Classes have begun and we have registered on a third online teaching platform in one year, as well as a third video conference system. I don’t feel inspired about the courses and I am very critical to the fact that the Qualitative Methods course has been discontinued, just because the lecturer quit. Qualitative Methods was described to us as the backbone of the programme, so what does it say about the programme that they decided to ditch it?
However, I am extremely excited about my own research. I’m immersing myself in relevant anime to literally watch the history of shota, as it is described in Watanabe’s essay, which I continue to decode, one page at a time:
As we saw last week, the “turning point” for shota was Mashin Eiyuuden Wataru (Sunrise, 1988).

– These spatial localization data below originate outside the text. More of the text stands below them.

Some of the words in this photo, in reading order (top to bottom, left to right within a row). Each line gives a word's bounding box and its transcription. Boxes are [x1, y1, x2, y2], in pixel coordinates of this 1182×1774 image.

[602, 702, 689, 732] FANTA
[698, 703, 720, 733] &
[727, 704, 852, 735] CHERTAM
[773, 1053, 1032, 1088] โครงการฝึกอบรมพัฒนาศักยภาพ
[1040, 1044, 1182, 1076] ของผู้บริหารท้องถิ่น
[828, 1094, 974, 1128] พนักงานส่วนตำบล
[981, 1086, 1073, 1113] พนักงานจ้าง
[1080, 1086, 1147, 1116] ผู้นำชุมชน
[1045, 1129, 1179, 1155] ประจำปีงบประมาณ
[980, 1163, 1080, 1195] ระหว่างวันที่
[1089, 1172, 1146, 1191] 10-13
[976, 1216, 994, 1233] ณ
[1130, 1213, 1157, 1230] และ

Wataru’s “heirs” were Sunrise produced robot animes aimed at children: Madou King Granzort (Sunrise, 1989), Zettai Muteki Raijin-Oh (Sunrise, 1991), Chou Dendou Robo Tetsujin 28-gou FX (1992), and Super Bikkuriman (Toei Animation, 1992).
In 1994, three important works added male shota fans to the previous female core: Akazukin Chacha (Gallop, 1994), Yuusha Keisatsu J-Decker (Sunrise, 1994), and Yamato Takeru (Nippon Animation, 1994). The shota characters in these works were more feminine.

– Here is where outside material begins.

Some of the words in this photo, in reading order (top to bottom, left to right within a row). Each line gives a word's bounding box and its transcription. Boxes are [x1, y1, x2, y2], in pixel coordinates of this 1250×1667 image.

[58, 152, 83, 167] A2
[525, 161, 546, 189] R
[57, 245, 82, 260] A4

Shota’s momentum can be seen in hits like Neon Genesis Evangelion (Gainax, Tatsunoko Production, 1995).
On Tuesday I and S went to the Einstein lecture at FU, where Catherine Heymans talked about dark matter and dark energy.
And tonight we went to a concert where S’s friend D played the violin.
I read another chapter in Eddo-Lodge’s book:
We don’t live in a meritocracy, and to pretend that simple hard work will elevate all to success is an exercise in wilful ignorance.
– Reni Eddo-Lodge, p. 56 (“The System”)
I googled why there are so many reaction gifs with black people in them, and found out that the phenomenon has been dubbed “digital blackface”:
There’s the “hilarious” Auto-Tuned neighbour meme, which plays into the stereotype of black people as natural-born, always-on performers and/or “welfare queens” (the fact that many of these clips – Charles Ramsey in Cleveland, Ohio, or Antoine “Hide yo’ kids, hide yo’ wife” Dodson – originated as local news interviews with witnesses to horrifying incidents, seems to get lost somewhere in the process of meme-ification).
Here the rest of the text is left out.